=== WORK TO BE COMPLETED ===
In the copy, include every record below exactly as it appears, but no pictures.
(Beginning of SOURCE DATA)
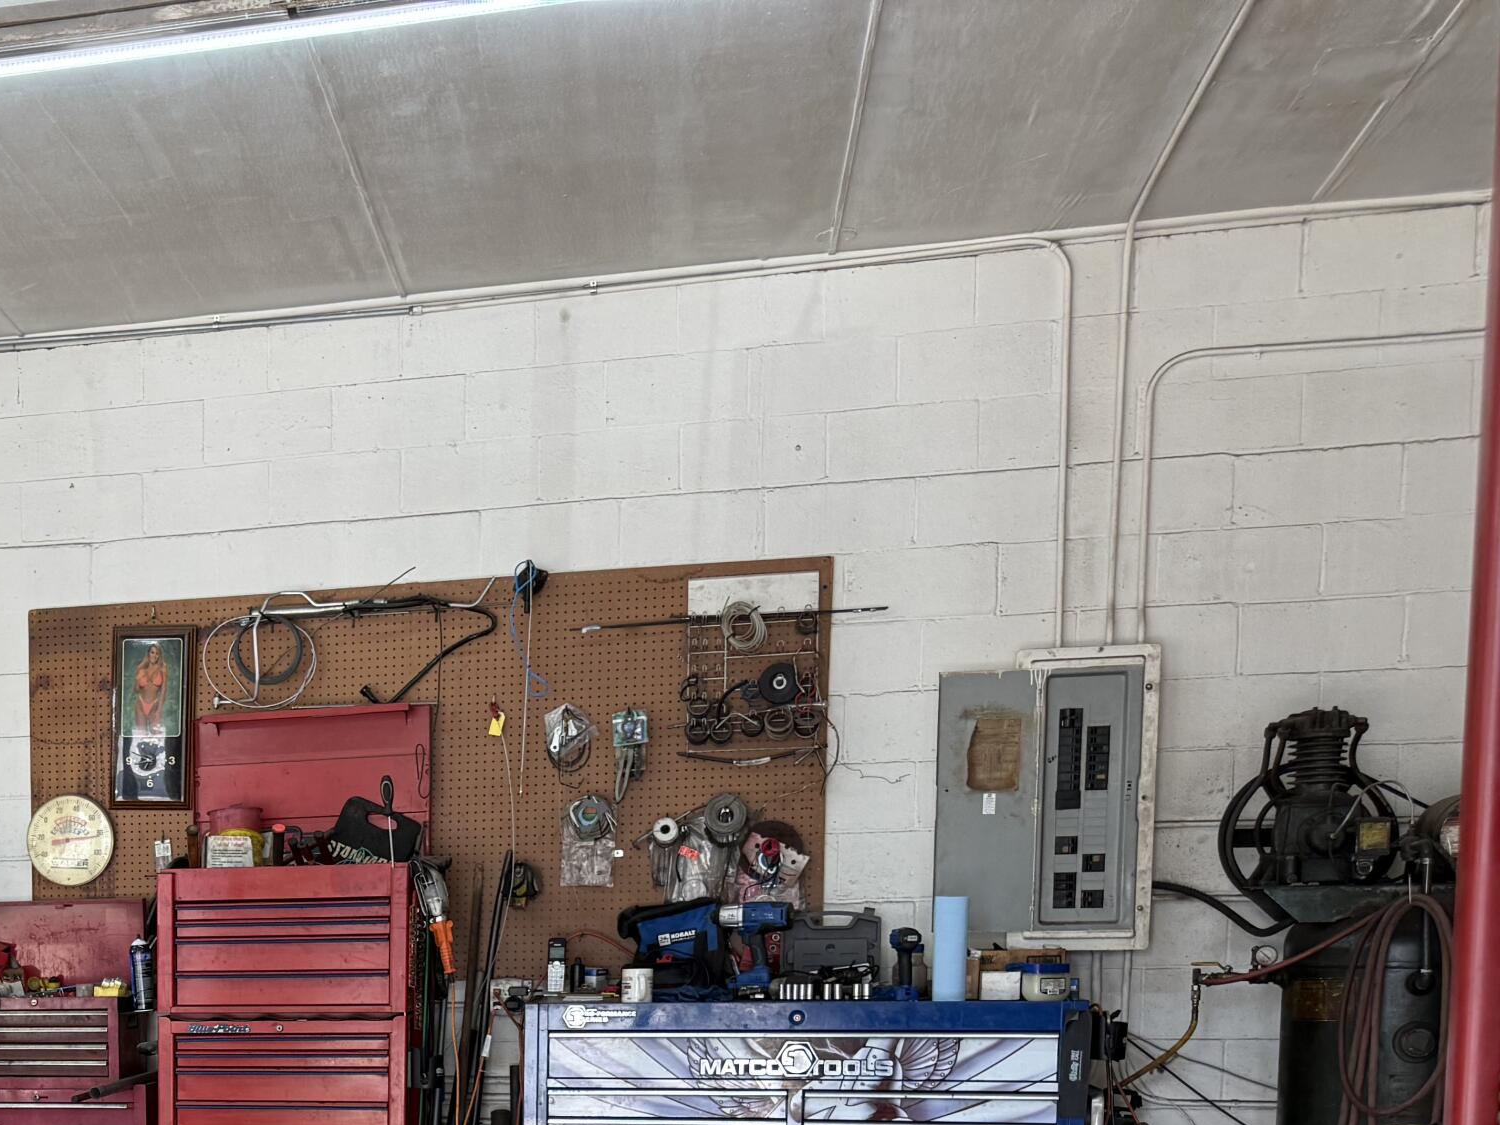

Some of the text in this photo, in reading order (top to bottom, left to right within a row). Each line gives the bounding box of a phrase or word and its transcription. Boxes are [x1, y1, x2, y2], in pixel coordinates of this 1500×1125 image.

[125, 756, 133, 766] 9
[168, 756, 176, 765] 3
[146, 779, 154, 788] 6
[670, 929, 696, 939] KOBALT
[700, 1059, 894, 1077] MATCO TOOLS
(End of SOURCE DATA)
=== ANSWER ===
Some of the text in this photo, in reading order (top to bottom, left to right within a row). Each line gives the bounding box of a phrase or word and its transcription. Boxes are [x1, y1, x2, y2], in pixel coordinates of this 1500×1125 image.

[125, 756, 133, 766] 9
[168, 756, 176, 765] 3
[146, 779, 154, 788] 6
[670, 929, 696, 939] KOBALT
[700, 1059, 894, 1077] MATCO TOOLS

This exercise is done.